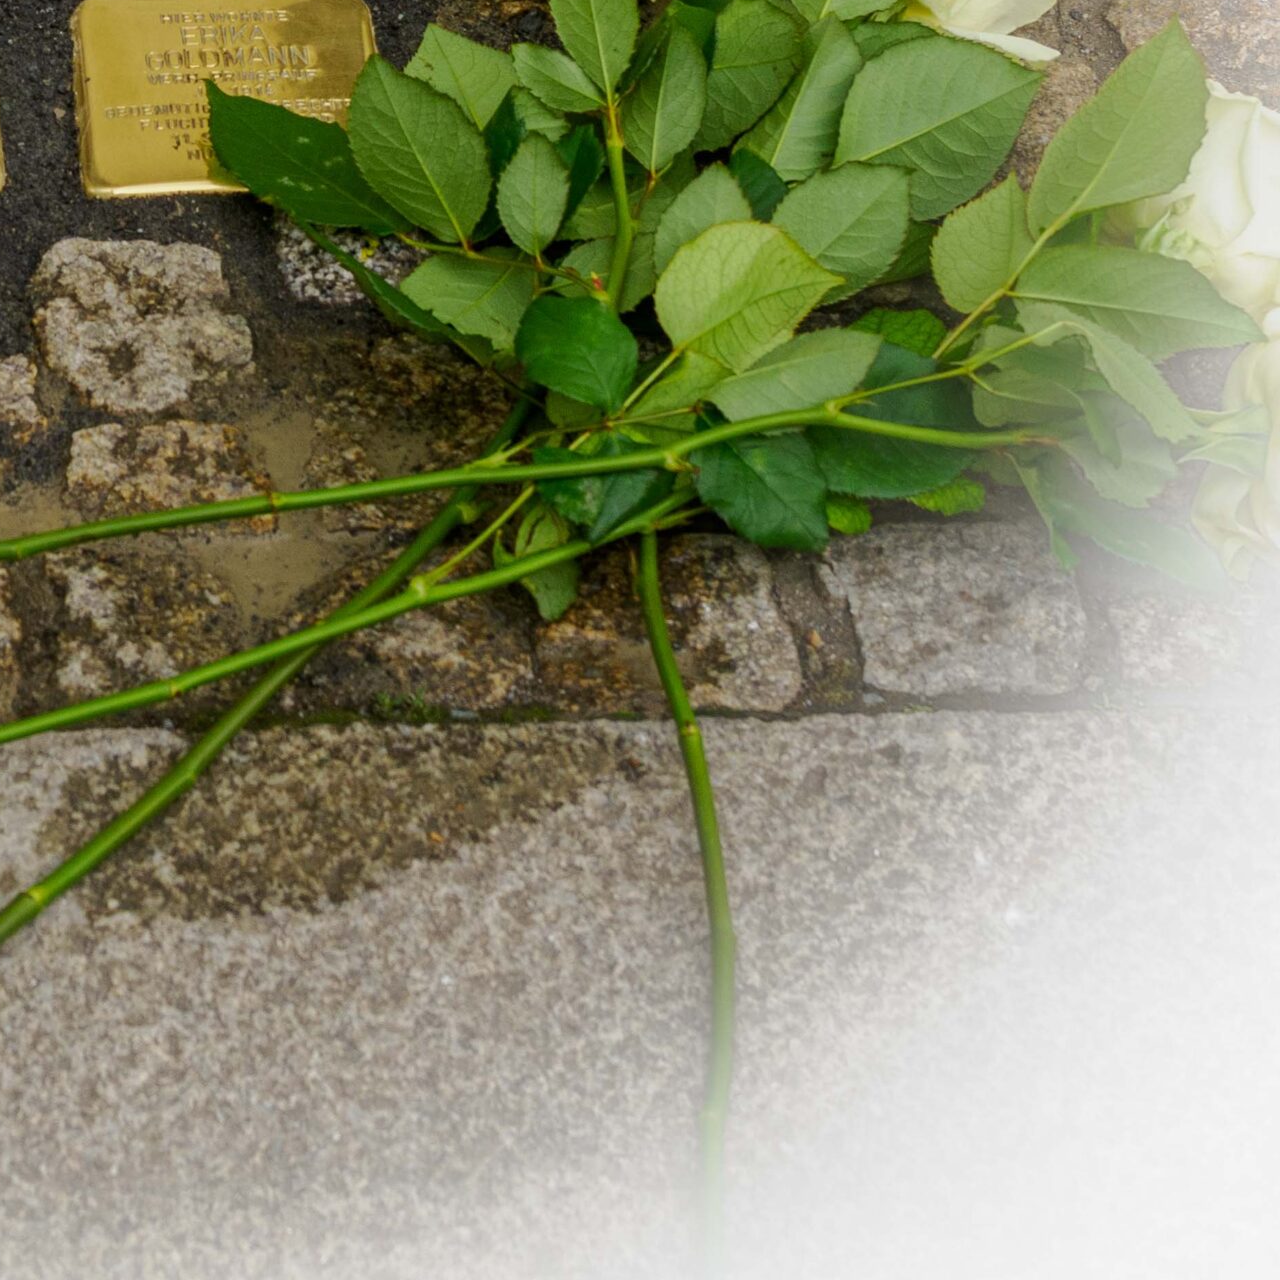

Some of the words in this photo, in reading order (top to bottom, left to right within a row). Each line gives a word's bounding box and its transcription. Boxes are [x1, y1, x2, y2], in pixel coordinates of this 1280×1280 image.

[160, 12, 205, 24] HIER
[210, 10, 289, 22] WOHNTE
[181, 25, 266, 47] ERIKA
[145, 45, 310, 70] GOLDMANN
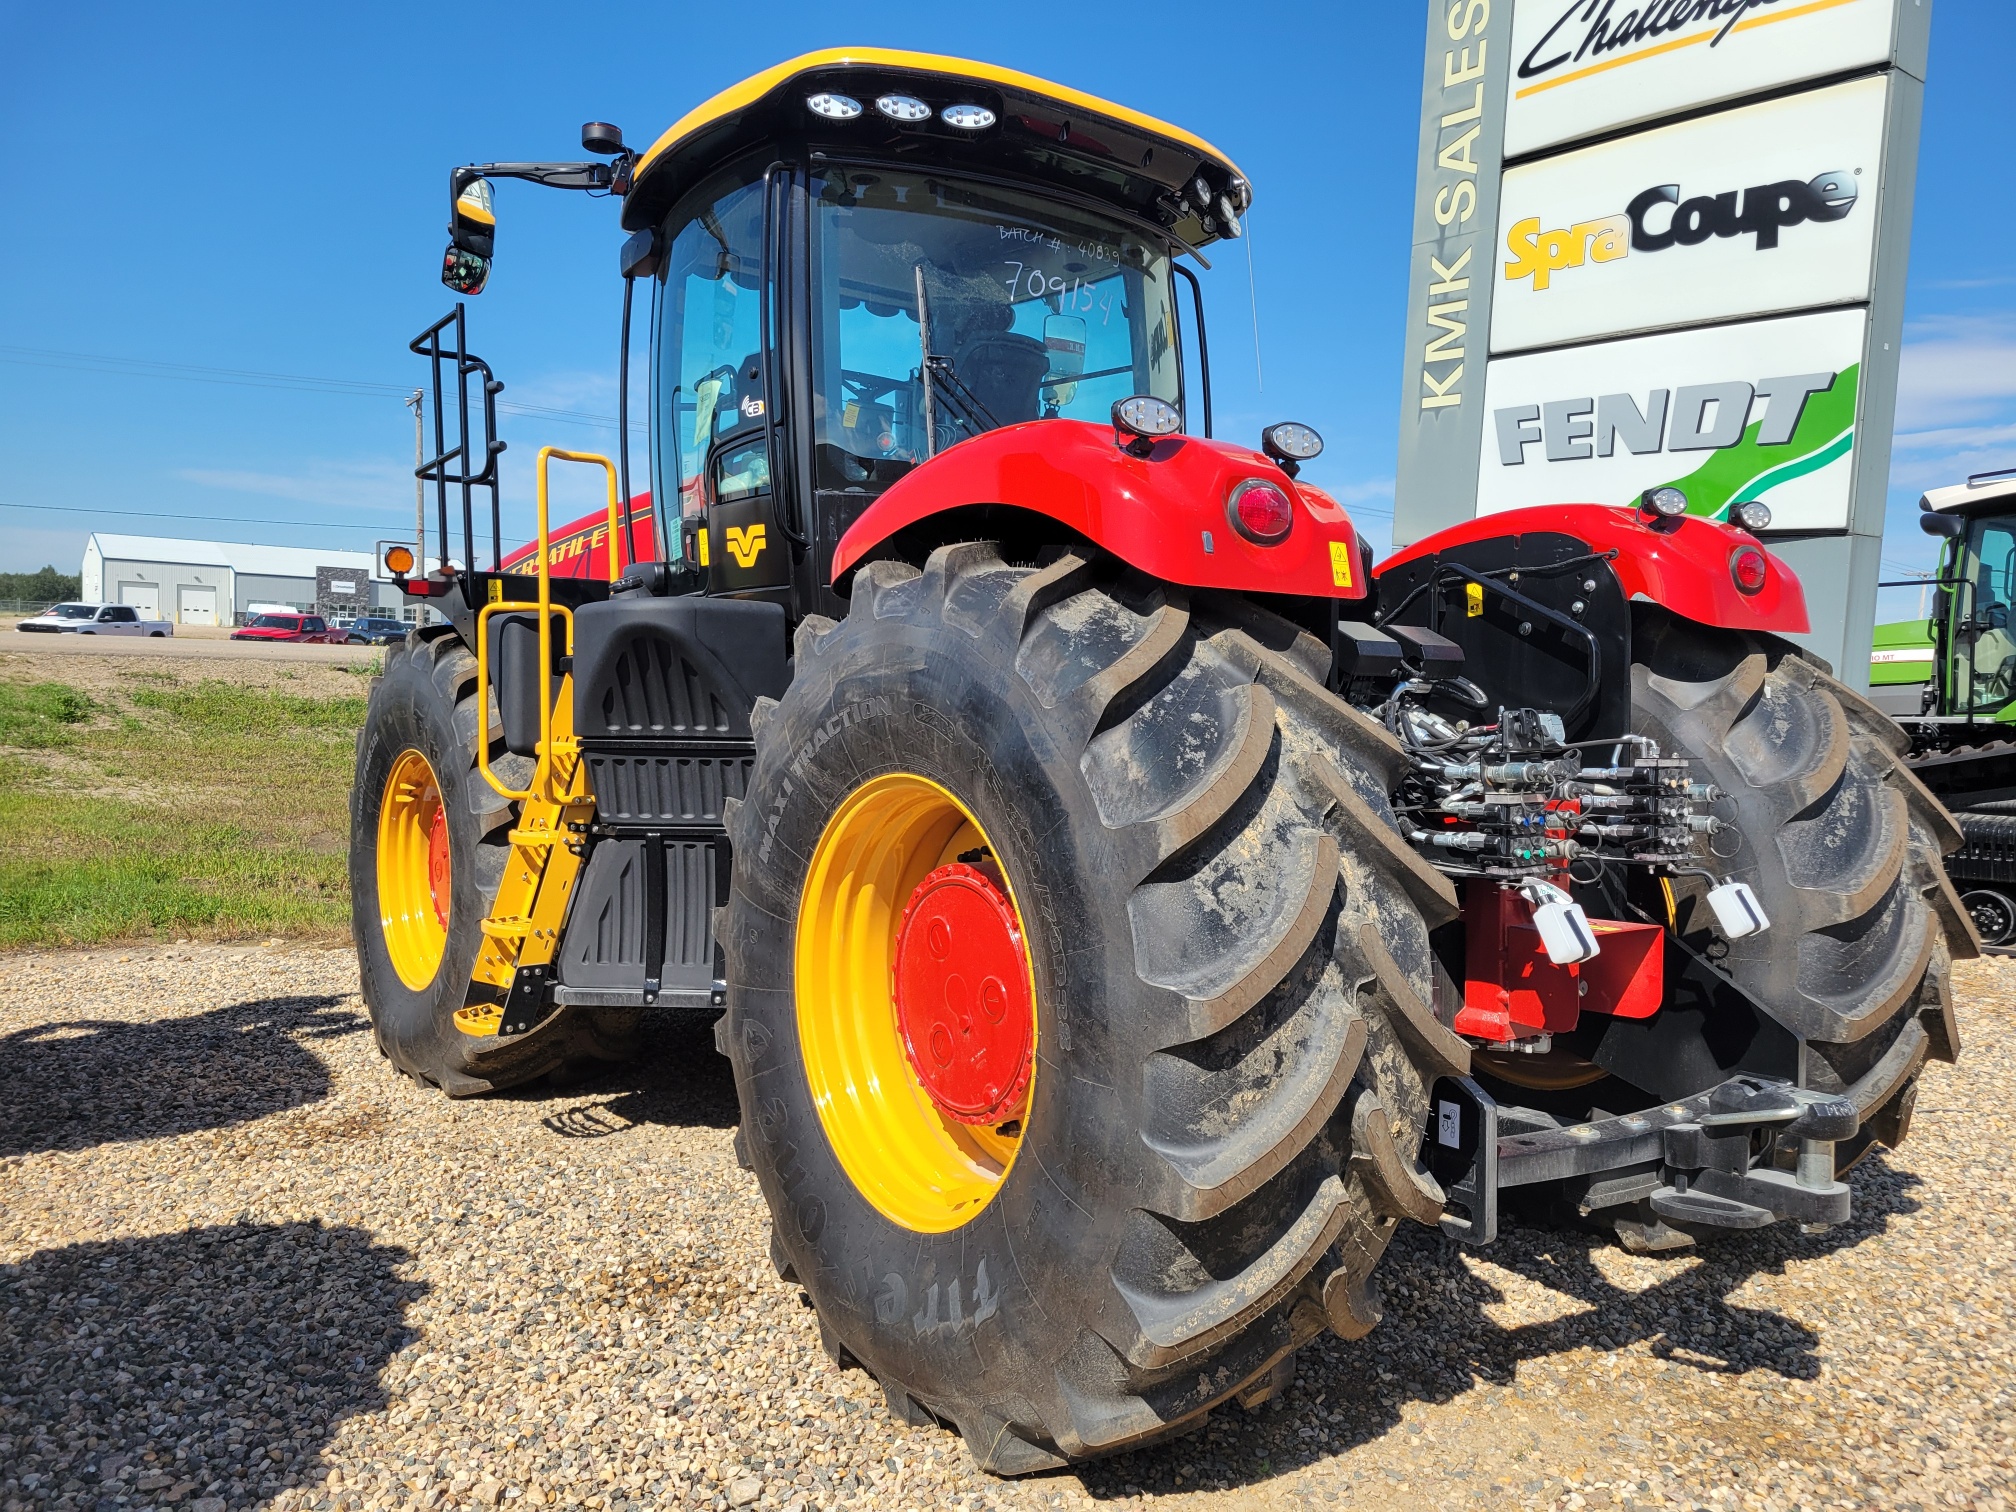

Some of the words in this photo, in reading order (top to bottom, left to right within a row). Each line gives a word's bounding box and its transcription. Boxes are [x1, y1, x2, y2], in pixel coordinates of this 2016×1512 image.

[1434, 0, 1491, 226] SALES
[996, 225, 1044, 245] BATCH
[1078, 240, 1120, 268] 40839
[1004, 261, 1113, 326] 709154
[1421, 244, 1472, 409] KMK
[1492, 371, 1838, 467] FENDT
[758, 776, 794, 864] MAXI
[790, 695, 892, 776] TRACTION
+++
## WHAT TO DO
Repeat the data above starting at the line with "this 2016×1512 image." and ending at its last line, exactly, with no other lines.

## YOUR SOLUTION
Some of the words in this photo, in reading order (top to bottom, left to right within a row). Each line gives a word's bounding box and its transcription. Boxes are [x1, y1, x2, y2], in pixel coordinates of this 2016×1512 image.

[1434, 0, 1491, 226] SALES
[996, 225, 1044, 245] BATCH
[1078, 240, 1120, 268] 40839
[1004, 261, 1113, 326] 709154
[1421, 244, 1472, 409] KMK
[1492, 371, 1838, 467] FENDT
[758, 776, 794, 864] MAXI
[790, 695, 892, 776] TRACTION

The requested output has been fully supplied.